- EXERCISE: Nothing but the exact text of the entries should appear in your answer; pictures stay out.

(Records from a dataset)
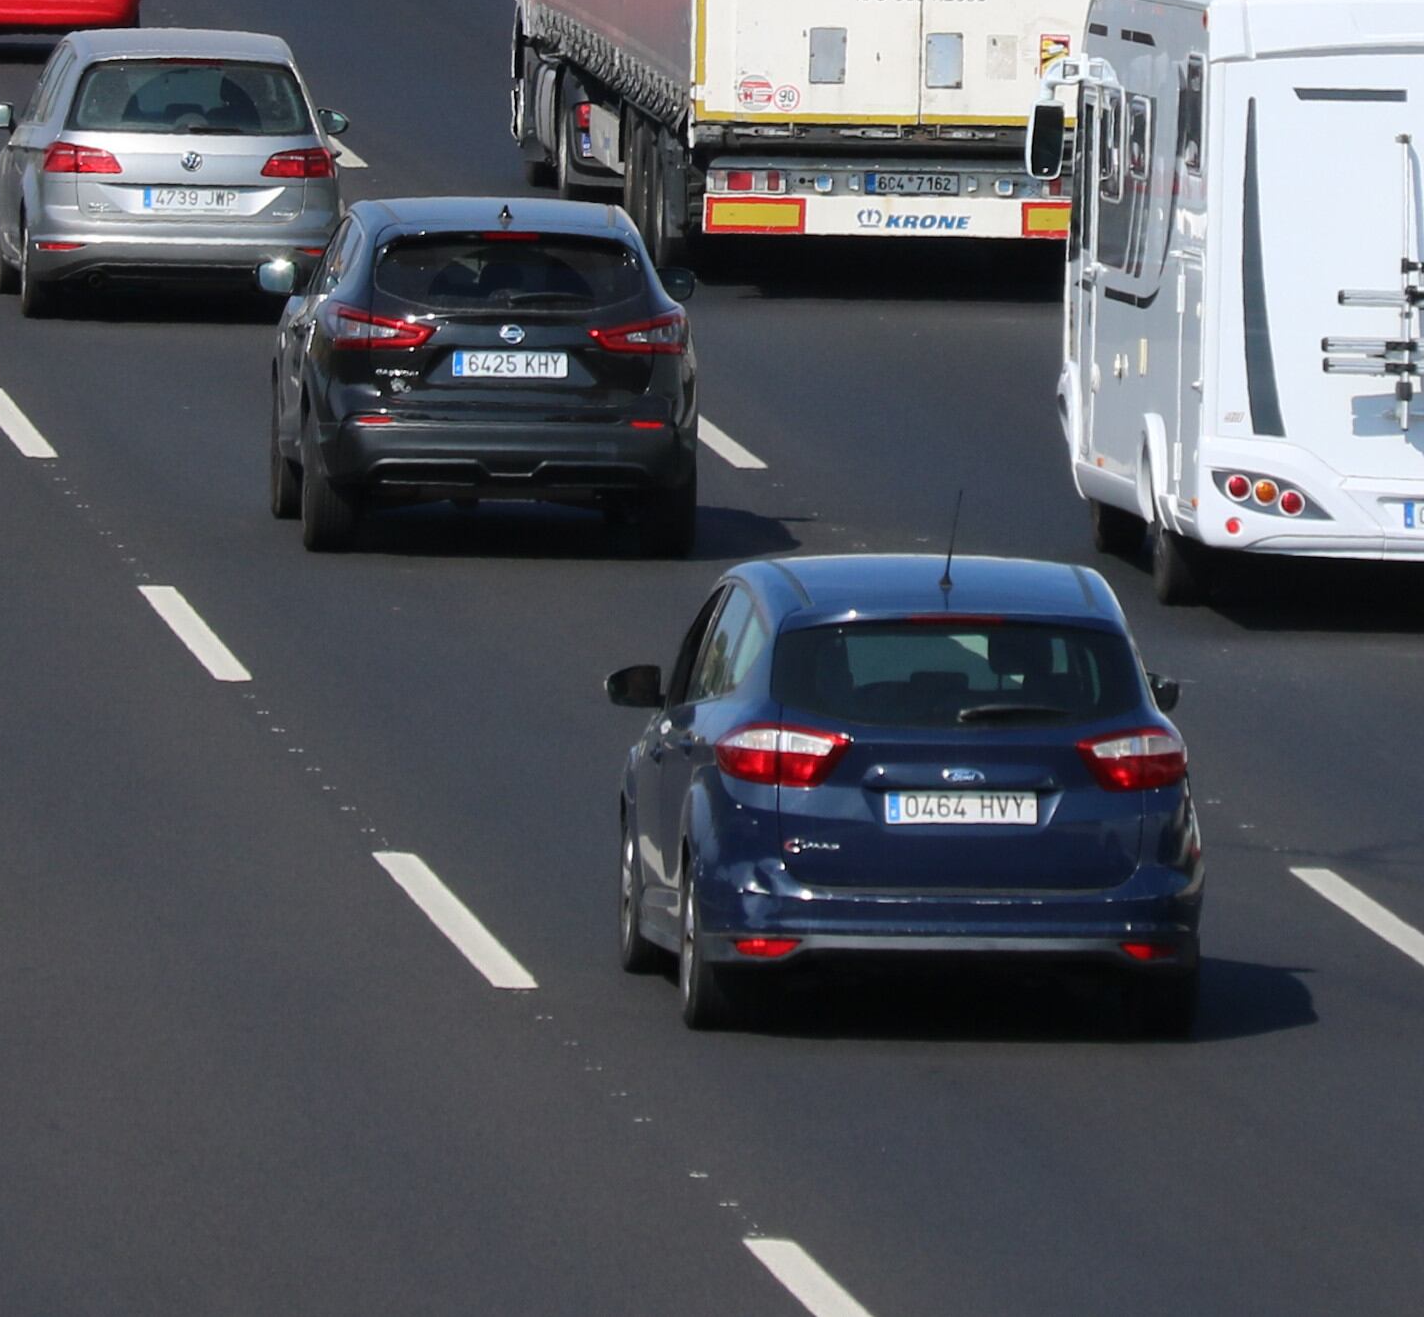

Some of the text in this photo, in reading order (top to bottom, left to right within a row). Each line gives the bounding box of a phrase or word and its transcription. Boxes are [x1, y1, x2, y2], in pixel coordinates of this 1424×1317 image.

[779, 90, 795, 103] 90
[917, 175, 952, 192] 7162
[155, 191, 236, 207] 4739 JWP
[885, 214, 972, 231] KRONE
[468, 354, 561, 374] 6425 KHY
[904, 795, 1025, 818] 0464 HVY

- WRITTEN RESPONSE:
Some of the text in this photo, in reading order (top to bottom, left to right within a row). Each line gives the bounding box of a phrase or word and its transcription. Boxes are [x1, y1, x2, y2], in pixel coordinates of this 1424×1317 image.

[779, 90, 795, 103] 90
[917, 175, 952, 192] 7162
[155, 191, 236, 207] 4739 JWP
[885, 214, 972, 231] KRONE
[468, 354, 561, 374] 6425 KHY
[904, 795, 1025, 818] 0464 HVY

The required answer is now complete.